* _WHAT YOU WILL DO_
Write out each record exactly as given, but do not include the pictures.

* _RECORDS FOR THE TASK_

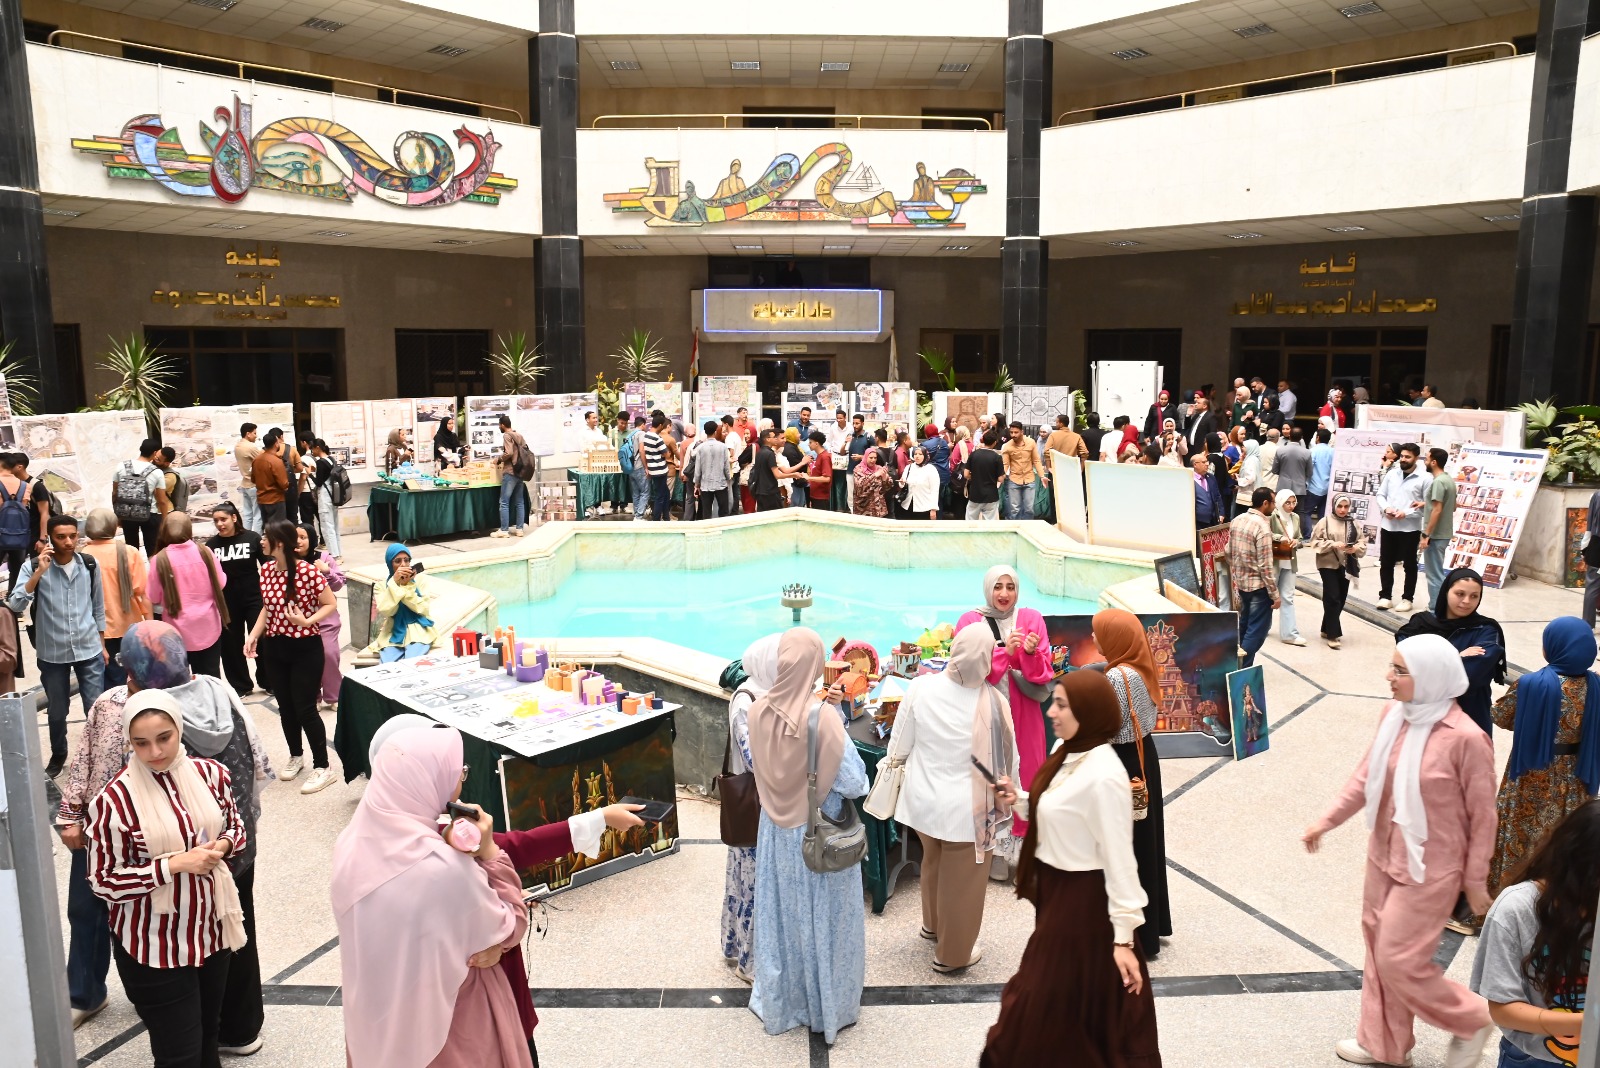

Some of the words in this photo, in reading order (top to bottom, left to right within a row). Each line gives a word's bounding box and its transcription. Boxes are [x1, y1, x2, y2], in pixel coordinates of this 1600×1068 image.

[1299, 252, 1356, 274] قاعة
[753, 301, 805, 323] الضيافة
[809, 301, 832, 318] دار
[214, 542, 251, 562] BLAZE

* _TASK ANSWER_
Some of the words in this photo, in reading order (top to bottom, left to right within a row). Each line gives a word's bounding box and its transcription. Boxes are [x1, y1, x2, y2], in pixel coordinates of this 1600×1068 image.

[1299, 252, 1356, 274] قاعة
[753, 301, 805, 323] الضيافة
[809, 301, 832, 318] دار
[214, 542, 251, 562] BLAZE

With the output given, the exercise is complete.